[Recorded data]
● ● ● ●
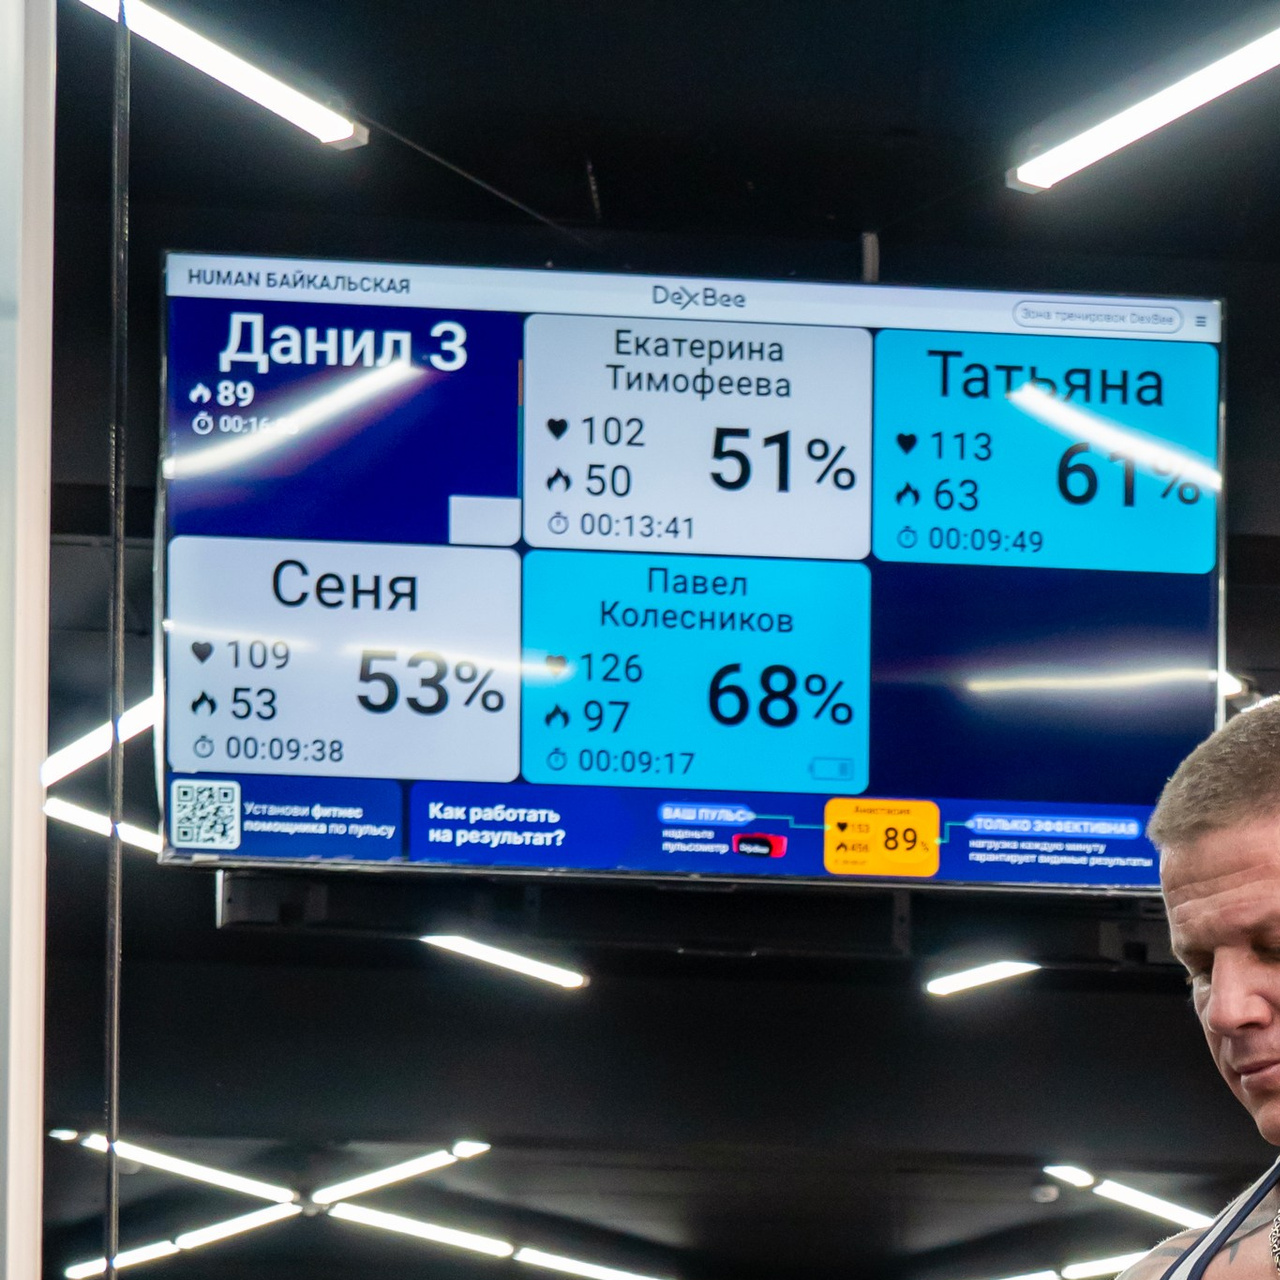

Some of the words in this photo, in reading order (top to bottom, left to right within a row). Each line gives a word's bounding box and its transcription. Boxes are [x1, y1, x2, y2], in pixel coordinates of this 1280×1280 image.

[188, 269, 260, 288] HUMAN
[266, 270, 411, 294] БАЙКАЛЬСКАЯ
[219, 312, 412, 374] Данил
[615, 329, 784, 366] Екатерина
[606, 364, 791, 401] Тимофеева
[927, 349, 1164, 406] Татьяна
[216, 380, 255, 408] 89
[581, 416, 647, 447] 102
[930, 431, 992, 462] 113
[709, 426, 856, 493] 51%
[585, 465, 632, 498] 50
[933, 479, 979, 511] 63
[580, 513, 695, 539] 00:13:41
[928, 527, 1043, 552] 00:09:49
[272, 559, 418, 612] Сеня
[647, 568, 748, 597] Павел
[600, 602, 794, 633] Колесников
[226, 640, 291, 669] 109
[580, 654, 643, 683] 126
[356, 649, 505, 716] 53%
[708, 663, 854, 727] 68%
[231, 687, 278, 721] 53
[583, 702, 630, 733] 97
[226, 736, 343, 762] 00:09:38
[579, 749, 695, 775] 00:09:17
[243, 802, 310, 817] Установи
[428, 802, 467, 820] Как
[469, 804, 561, 824] работать
[328, 823, 347, 835] по
[348, 824, 395, 839] пульсу
[428, 828, 453, 842] на
[455, 829, 566, 848] результат?
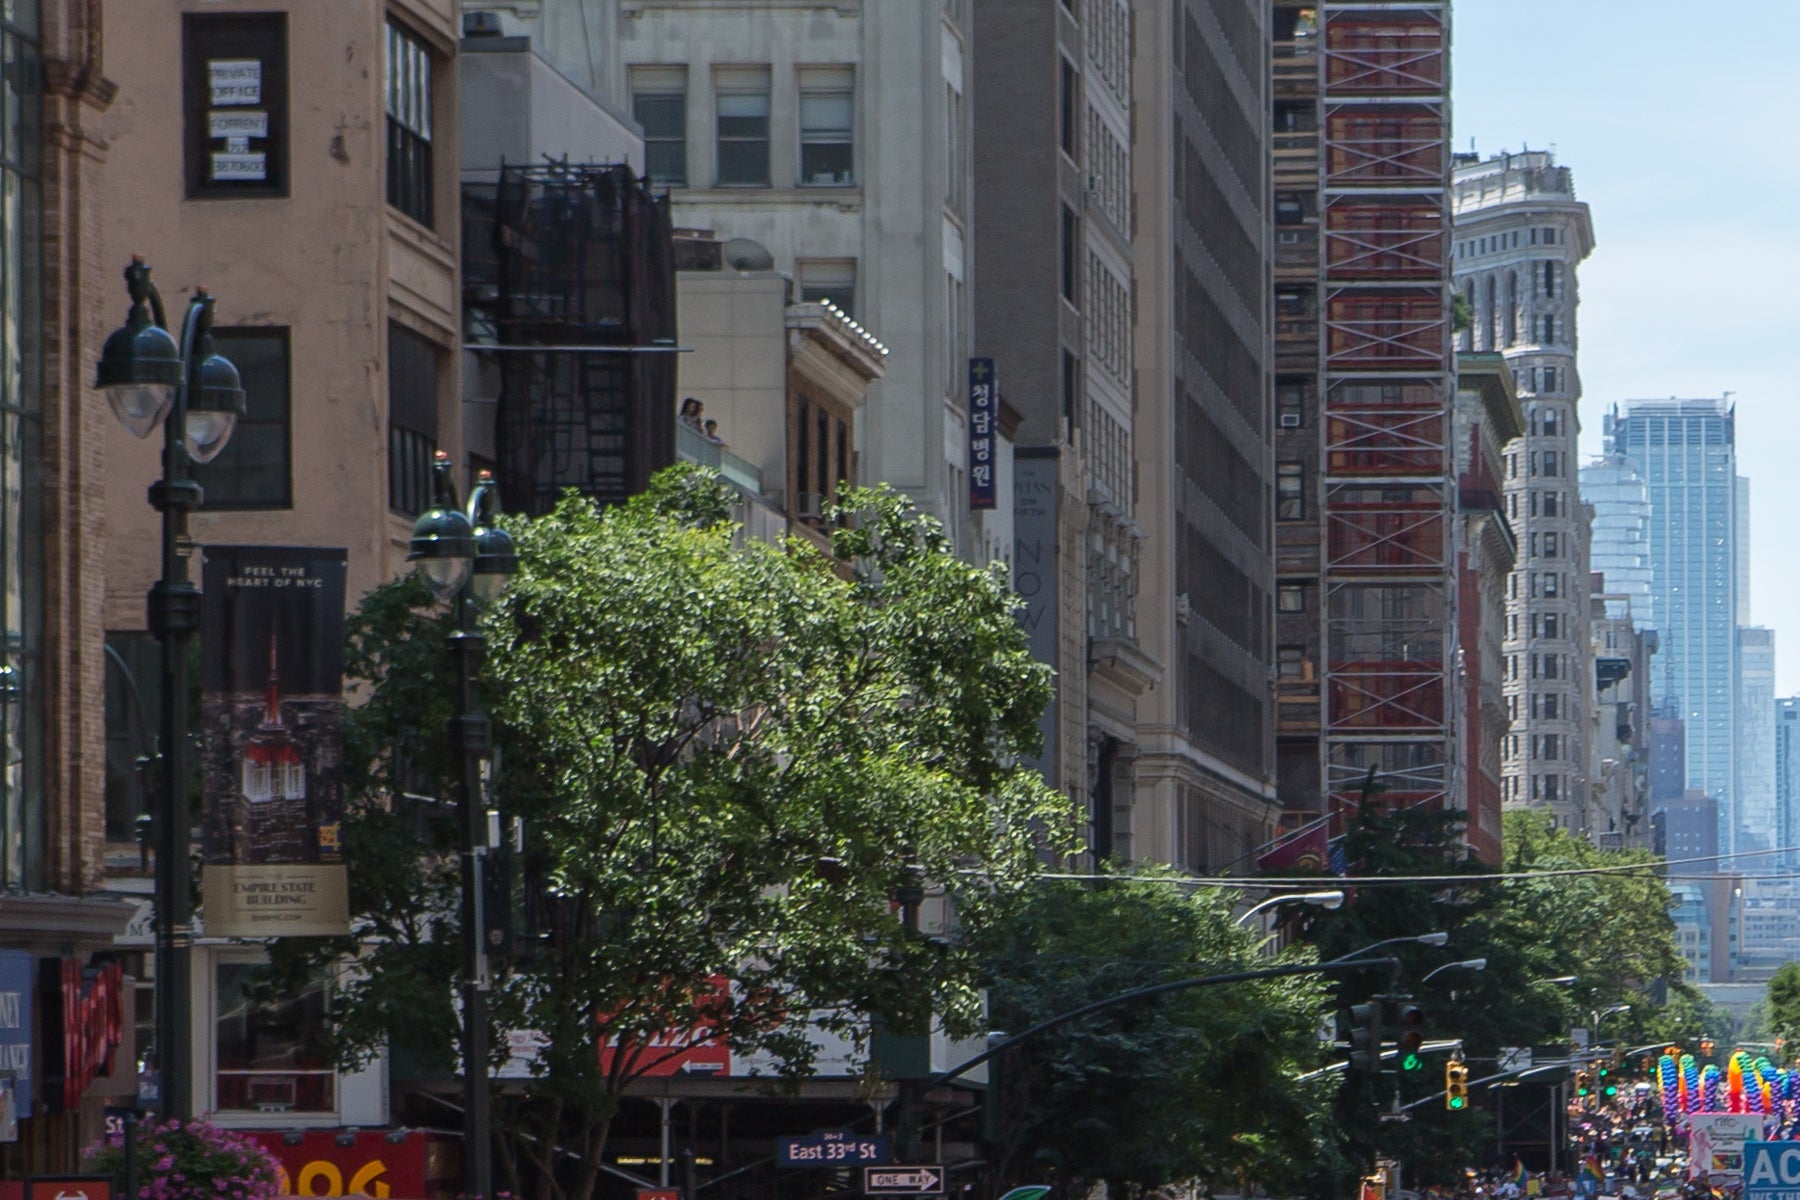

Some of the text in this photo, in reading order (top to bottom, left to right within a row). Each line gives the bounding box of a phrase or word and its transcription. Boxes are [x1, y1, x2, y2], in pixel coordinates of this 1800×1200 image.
● ● ● ●
> **About this task**
Write the lines above out again exactly, excluding every picture.

> **Final answer**
Some of the words in this photo, in reading order (top to bottom, left to right within a row). Each line gives a word's bounding box and its transcription. Boxes are [x1, y1, x2, y2], in pixel coordinates of this 1280×1280 image.

[188, 269, 260, 288] HUMAN
[266, 270, 411, 294] БАЙКАЛЬСКАЯ
[219, 312, 412, 374] Данил
[615, 329, 784, 366] Екатерина
[606, 364, 791, 401] Тимофеева
[927, 349, 1164, 406] Татьяна
[216, 380, 255, 408] 89
[581, 416, 647, 447] 102
[930, 431, 992, 462] 113
[709, 426, 856, 493] 51%
[585, 465, 632, 498] 50
[933, 479, 979, 511] 63
[580, 513, 695, 539] 00:13:41
[928, 527, 1043, 552] 00:09:49
[272, 559, 418, 612] Сеня
[647, 568, 748, 597] Павел
[600, 602, 794, 633] Колесников
[226, 640, 291, 669] 109
[580, 654, 643, 683] 126
[356, 649, 505, 716] 53%
[708, 663, 854, 727] 68%
[231, 687, 278, 721] 53
[583, 702, 630, 733] 97
[226, 736, 343, 762] 00:09:38
[579, 749, 695, 775] 00:09:17
[243, 802, 310, 817] Установи
[428, 802, 467, 820] Как
[469, 804, 561, 824] работать
[328, 823, 347, 835] по
[348, 824, 395, 839] пульсу
[428, 828, 453, 842] на
[455, 829, 566, 848] результат?

Some of the text in this photo, in reading order (top to bottom, left to right within a row). Each line gives the bounding box of a phrase or word and its transcription. Boxes are [x1, y1, x2, y2], in pixel coordinates of this 1800×1200 image.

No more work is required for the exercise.